I finally gave up on rapply and use [something which I can predict how it will work](https://github.com/raredd/rawr/blob/master/R/utils.R#L1372-L1381) so `rapply2(l, function(x) if (is.null(x)) NA else x)` would work — rawr, Aug 15 '16 at 06:22
Here is an interesting [post](http://stackoverflow.com/questions/7170264/why-do-rapply-and-lapply-handle-null-differently) that talks about this some but doesn't quite answer your question of how to get around the issue. — steveb, Aug 15 '16 at 06:25
at steveb; it is on point. I'm sorry @Owen doesn't seem to be spending much time here anymore. His posts were always very insightful. — IRTFM, Aug 15 '16 at 06:29
Basically everyone thought to do the same thing and rewrite their own recursive lapply. A little overburdensome IMHO; perhaps this should exist in base R. — shayaa, Aug 15 '16 at 06:50
@rawr I wonder if you have changed the behavior of `rapply2()` since you wrote this comment. — jazzurro, Sep 02 '19 at 13:06
@jazzurro yes, it appears I have, nice catch. In the current version if you remove the `if (is.null(l[[ii]])) next` line it should work. the original is [here](https://github.com/raredd/rawr/commit/b077d91fa107cb9ce651c0fca296dff8447608dc#diff-cbb7235afee10c3646161358a7655b0a) which doesn't include that line. I should add a logical to skip null elements or not — rawr, Sep 10 '19 at 02:52
@rawr Thanks for that. I look forward to using an updated version soon! — jazzurro, Sep 10 '19 at 03:09

Richie Cotton · Accepted Answer · 2016-08-15T06:37:17.150

I'm going to go with "use a version of rapply doesn't doesn't have weird behaviour with NULL". This is the simplest implementation I can think of:

simple_rapply <- function(x, fn)
{
  if(is.list(x))
  {
    lapply(x, simple_rapply, fn)
  } else
  {
    fn(x)
  }
}

(rawr::rapply2, as mentioned in the comments by @rawr is a more sophisticated attempt.)
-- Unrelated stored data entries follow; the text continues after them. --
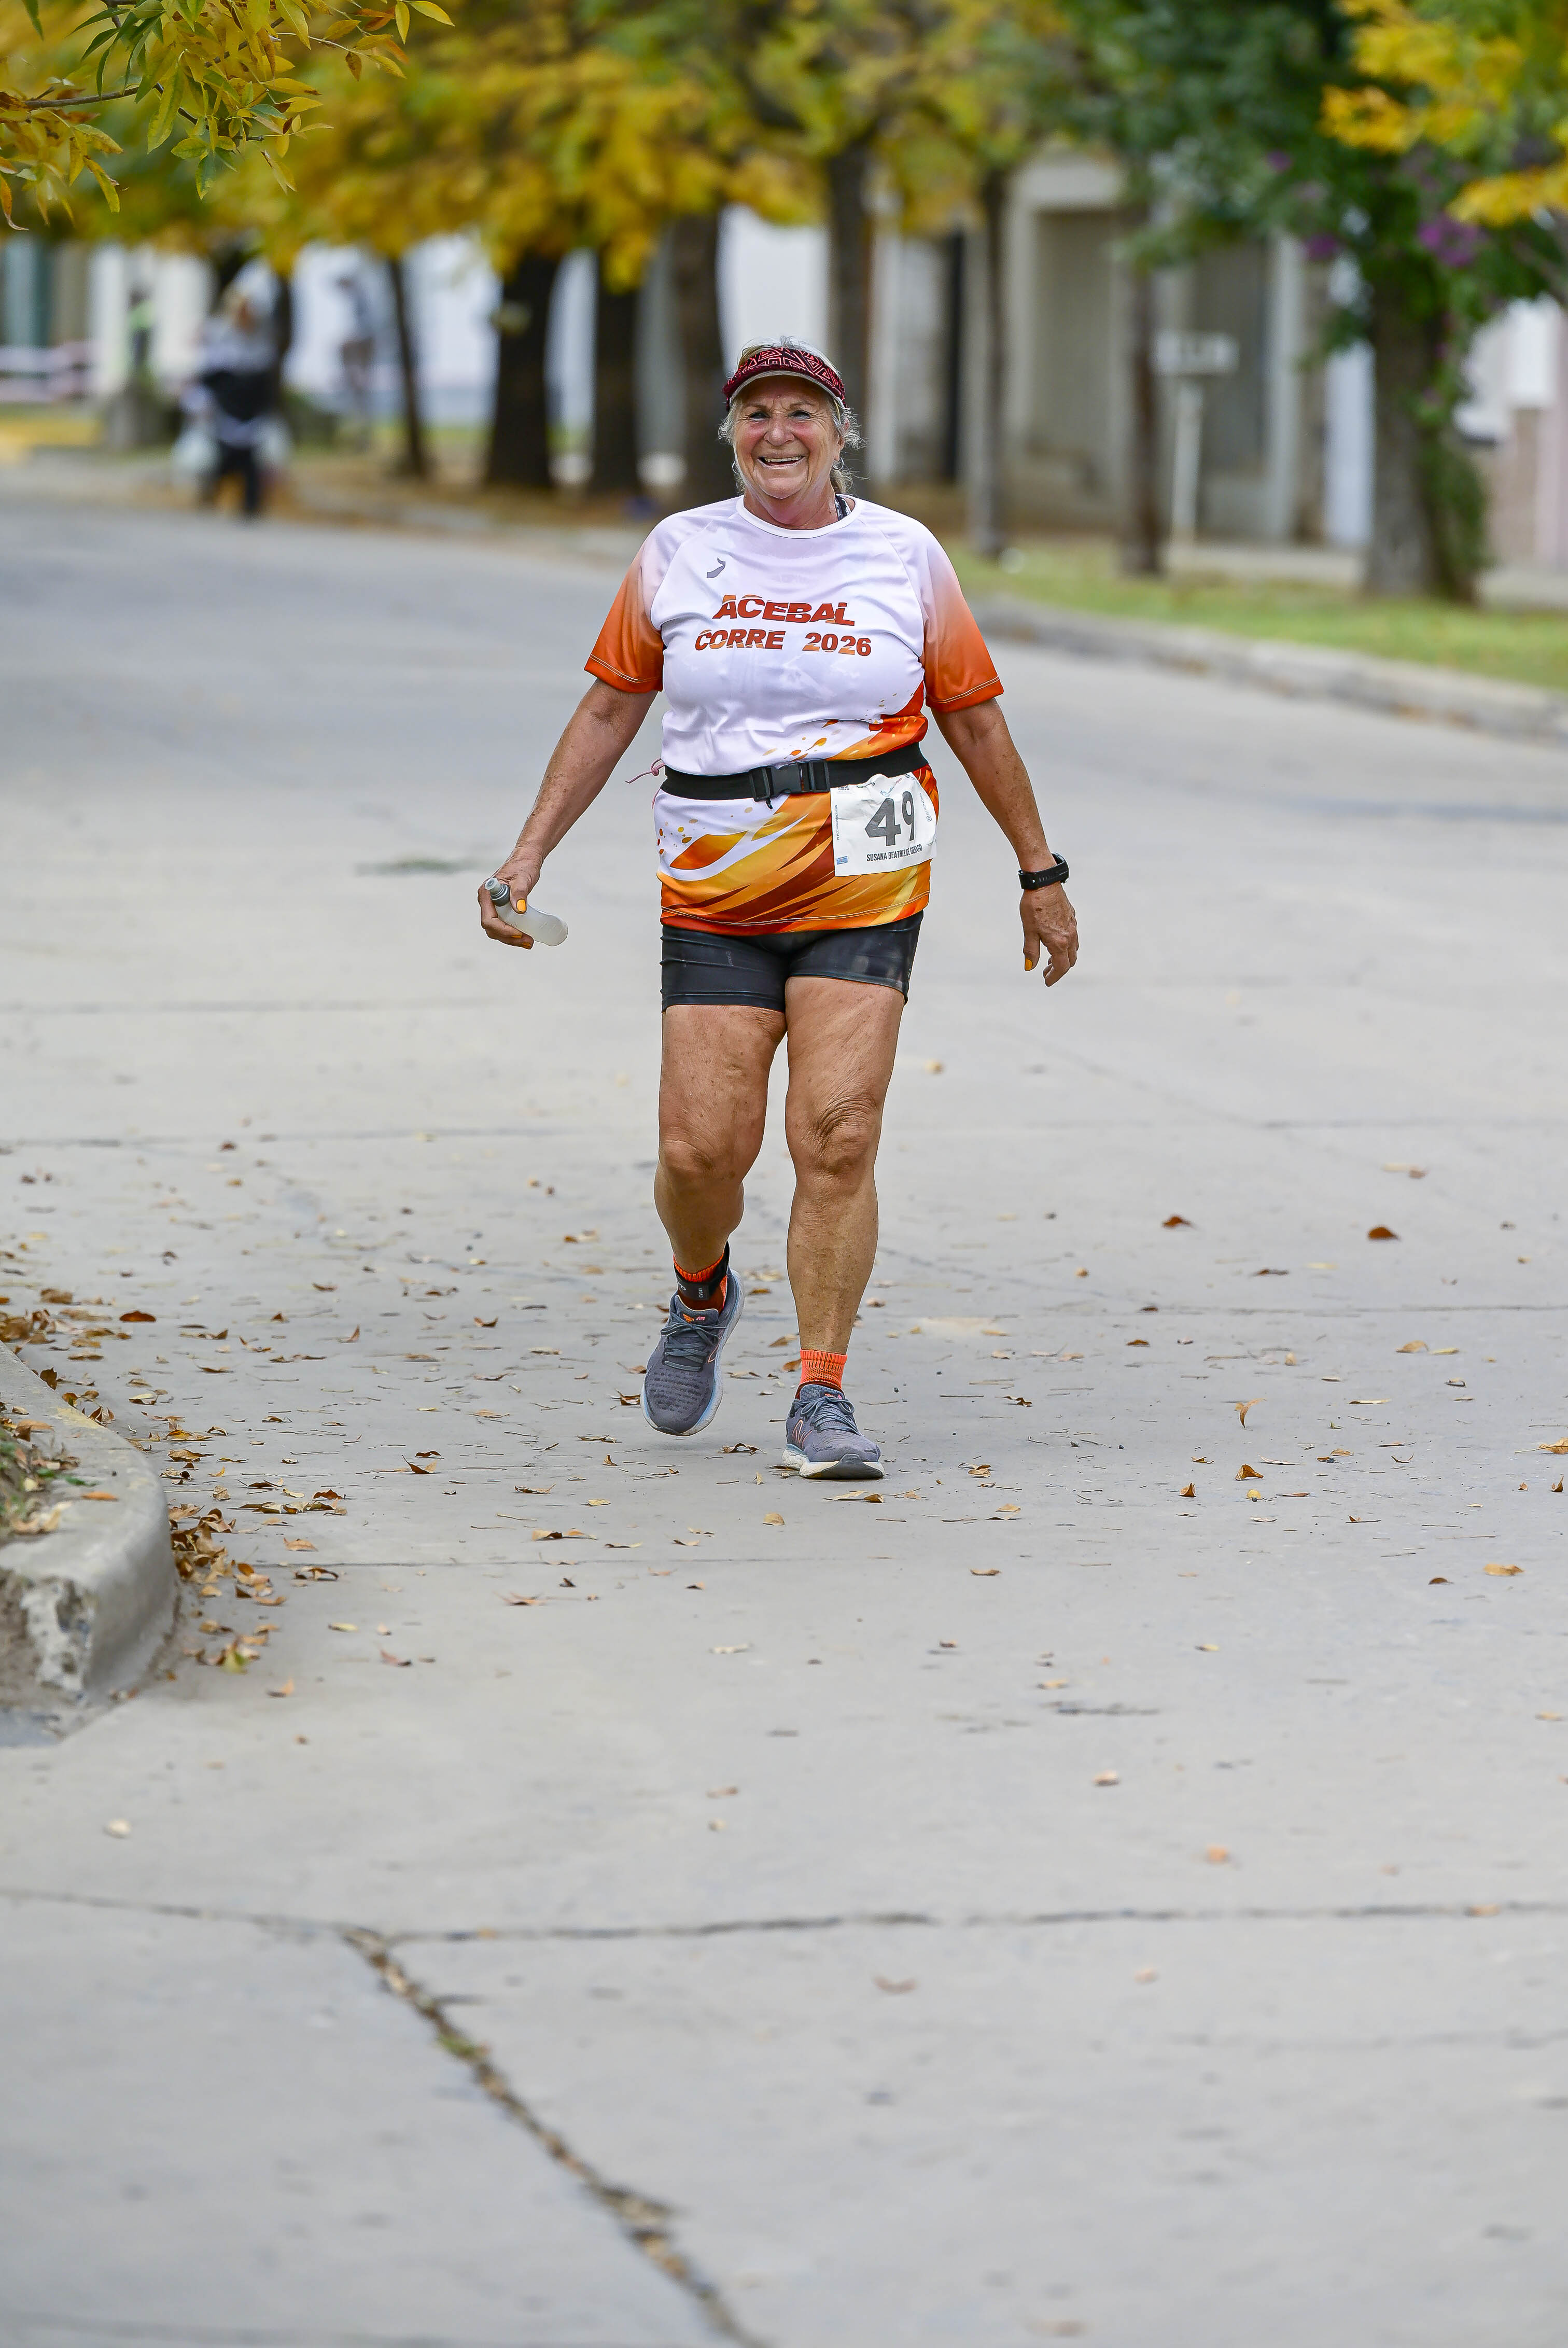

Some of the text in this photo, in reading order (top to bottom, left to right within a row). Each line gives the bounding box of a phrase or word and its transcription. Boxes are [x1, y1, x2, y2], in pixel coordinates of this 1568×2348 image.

[712, 594, 855, 626] ACEBAL
[695, 629, 872, 656] CORRE 2026
[864, 791, 915, 846] 49
[866, 852, 887, 862] SUSANA
[888, 849, 906, 859] BEATRIZ
Now I can do the replacement using

simple_rapply(l, function(x) if(is.null(x)) NA else x)

score 11 · Answer 2 · answered Aug 15 '16 at 06:46

This is what William Dunlap suggested in 2010 when this question was asked on Rhelp:

replaceInList <- function (x, FUN, ...) 
  {
      if (is.list(x)) {
          for (i in seq_along(x)) {
              x[i] <- list(replaceInList(x[[i]], FUN, ...))
          }
          x
      }
      else FUN(x, ...)
  }
 replaceInList(l, function(x)if(is.null(x))NA else x)

Jonathan Carroll · Answer 3 · 2016-08-15T06:37:49.397

6

This is a hack, but as far as hacks go, I think I'm somewhat happy with it.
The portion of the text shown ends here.